Work required:
The copy has to match the data exactly and leave out every picture.

_ _ _

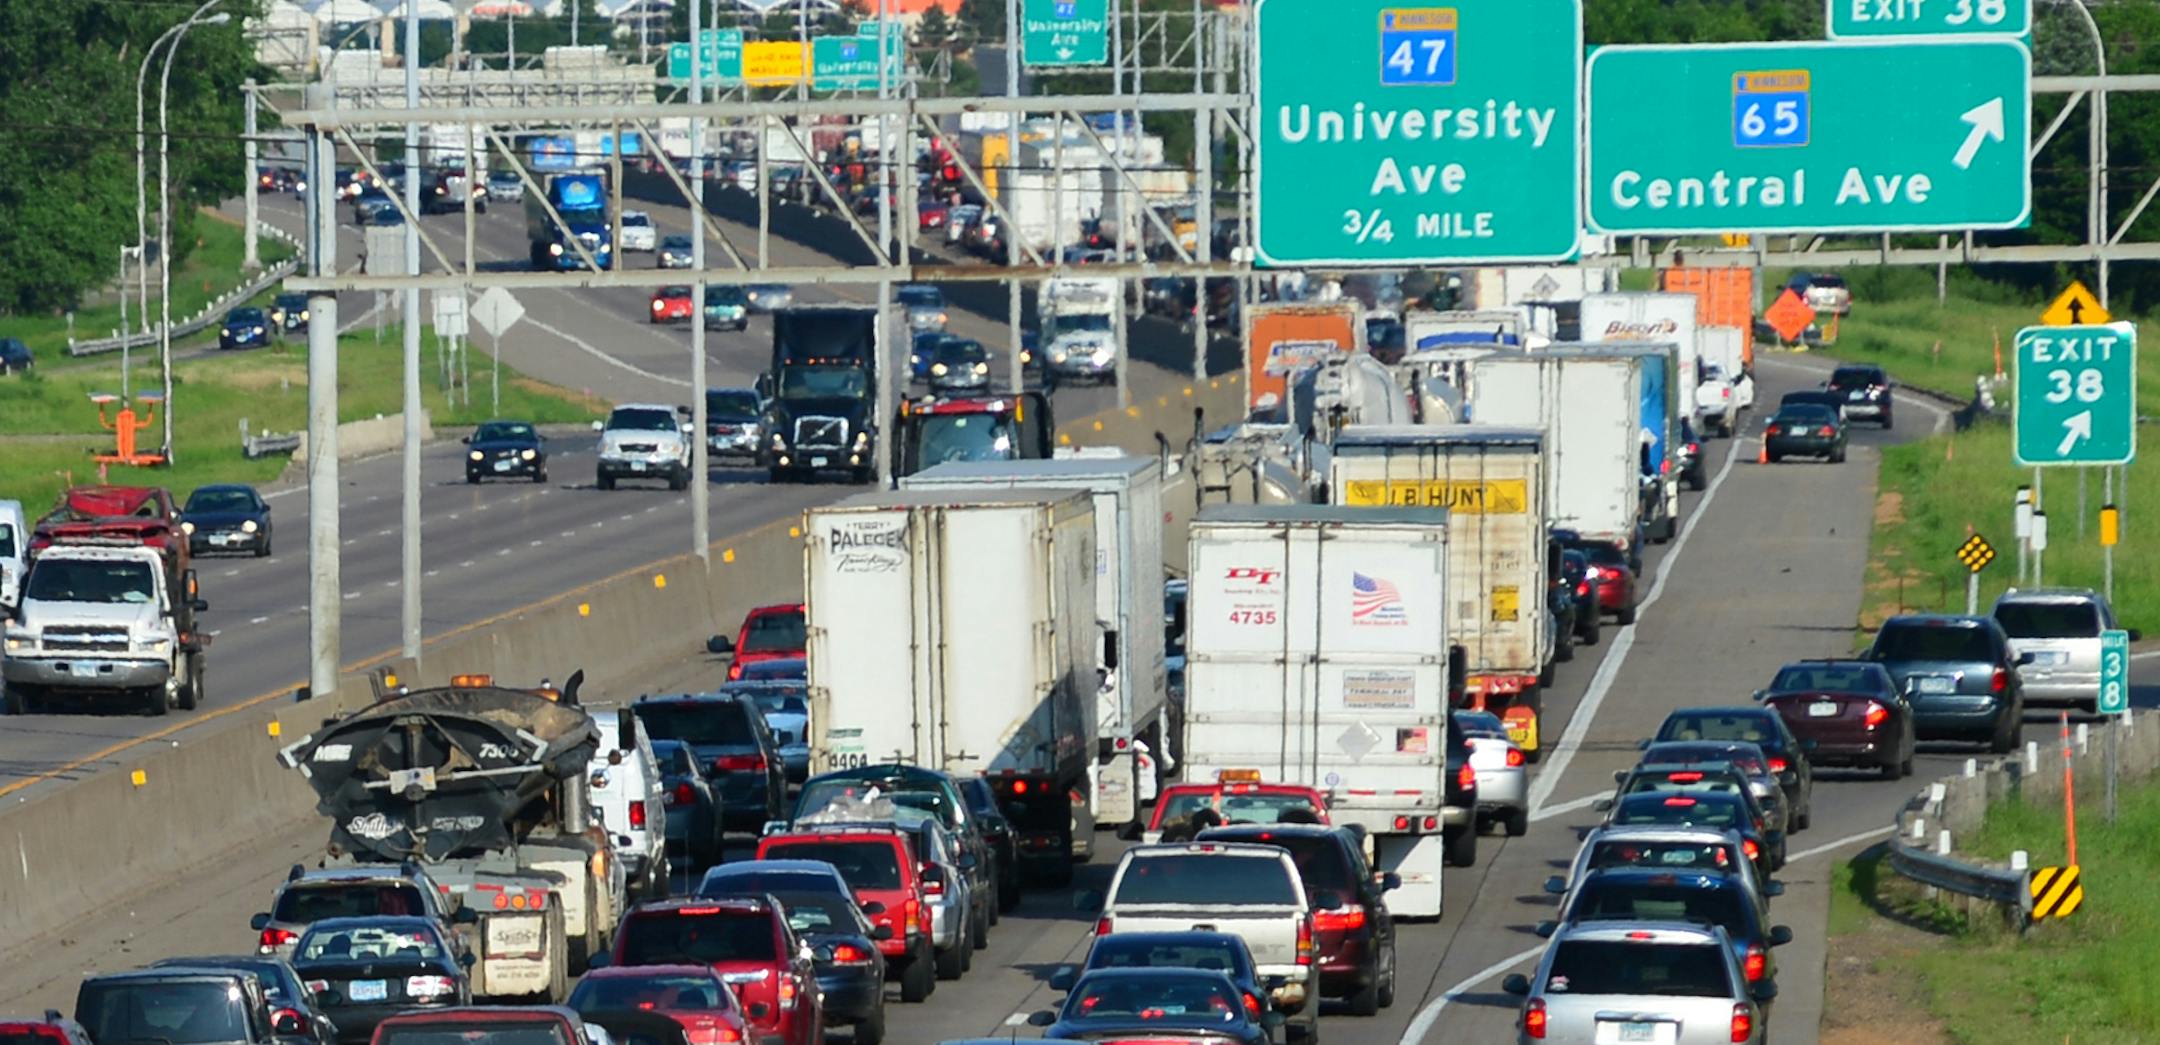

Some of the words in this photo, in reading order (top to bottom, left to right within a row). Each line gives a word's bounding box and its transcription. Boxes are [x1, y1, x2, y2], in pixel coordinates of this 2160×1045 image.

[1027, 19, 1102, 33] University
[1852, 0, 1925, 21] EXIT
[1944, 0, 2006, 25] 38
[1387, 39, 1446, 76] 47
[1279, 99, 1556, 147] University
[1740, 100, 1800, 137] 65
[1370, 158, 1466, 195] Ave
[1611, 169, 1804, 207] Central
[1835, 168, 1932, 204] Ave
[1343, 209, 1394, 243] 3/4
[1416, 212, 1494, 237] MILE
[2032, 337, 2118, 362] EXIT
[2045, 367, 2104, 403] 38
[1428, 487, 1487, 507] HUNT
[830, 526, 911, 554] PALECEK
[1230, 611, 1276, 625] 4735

_ _ _

Solution for this task:
Some of the words in this photo, in reading order (top to bottom, left to right within a row). Each line gives a word's bounding box and its transcription. Boxes are [x1, y1, x2, y2], in pixel coordinates of this 2160×1045 image.

[1027, 19, 1102, 33] University
[1852, 0, 1925, 21] EXIT
[1944, 0, 2006, 25] 38
[1387, 39, 1446, 76] 47
[1279, 99, 1556, 147] University
[1740, 100, 1800, 137] 65
[1370, 158, 1466, 195] Ave
[1611, 169, 1804, 207] Central
[1835, 168, 1932, 204] Ave
[1343, 209, 1394, 243] 3/4
[1416, 212, 1494, 237] MILE
[2032, 337, 2118, 362] EXIT
[2045, 367, 2104, 403] 38
[1428, 487, 1487, 507] HUNT
[830, 526, 911, 554] PALECEK
[1230, 611, 1276, 625] 4735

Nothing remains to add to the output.